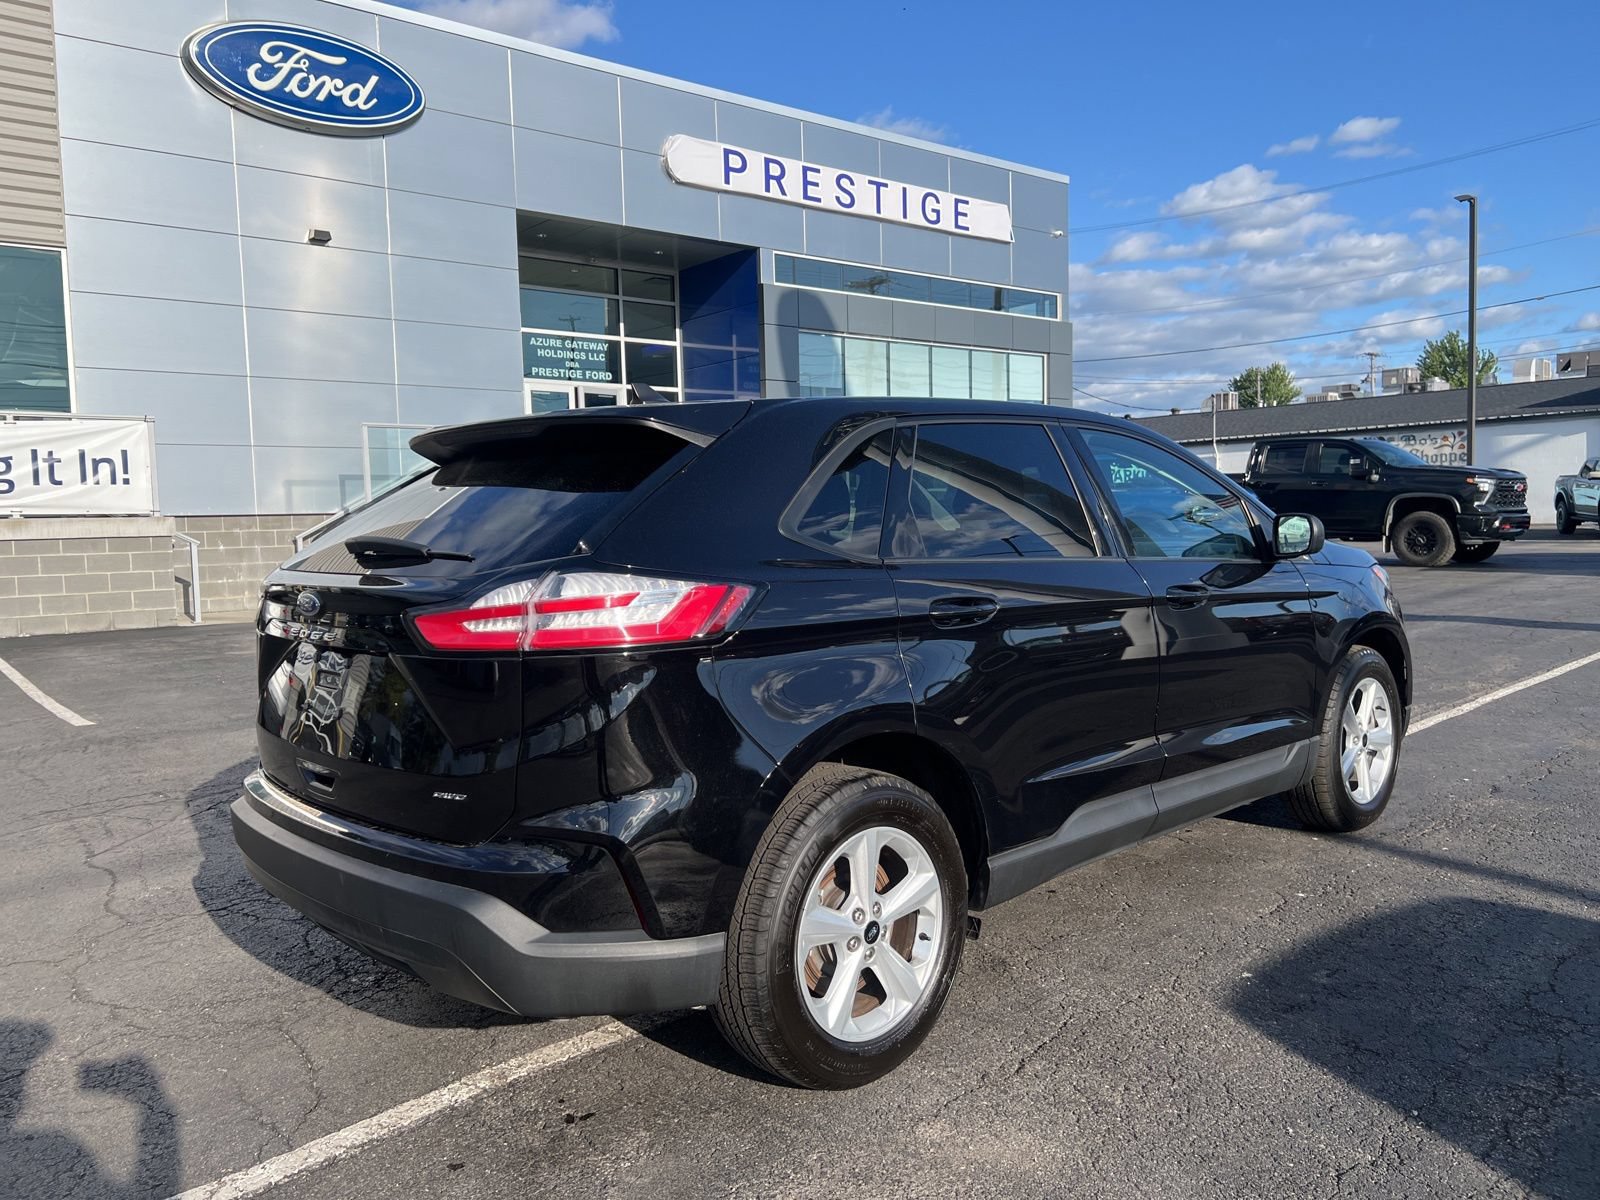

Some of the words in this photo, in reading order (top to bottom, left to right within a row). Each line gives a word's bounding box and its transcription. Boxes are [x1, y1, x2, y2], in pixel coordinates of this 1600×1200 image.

[247, 41, 379, 110] Ford
[722, 147, 971, 232] PRESTIGE
[530, 337, 562, 347] AZURE
[564, 340, 609, 351] GATEWAY
[537, 348, 586, 360] HOLDINGS
[588, 352, 606, 361] LLC
[531, 367, 583, 378] PRESTIGE
[585, 370, 613, 381] FORD
[30, 448, 63, 486] It
[78, 449, 130, 485] In!

## About this task
Every entry above needs to be duplicated precisely, and none of the pictures should appear.

## Exercise output
Some of the words in this photo, in reading order (top to bottom, left to right within a row). Each line gives a word's bounding box and its transcription. Boxes are [x1, y1, x2, y2], in pixel coordinates of this 1600×1200 image.

[247, 41, 379, 110] Ford
[722, 147, 971, 232] PRESTIGE
[530, 337, 562, 347] AZURE
[564, 340, 609, 351] GATEWAY
[537, 348, 586, 360] HOLDINGS
[588, 352, 606, 361] LLC
[531, 367, 583, 378] PRESTIGE
[585, 370, 613, 381] FORD
[30, 448, 63, 486] It
[78, 449, 130, 485] In!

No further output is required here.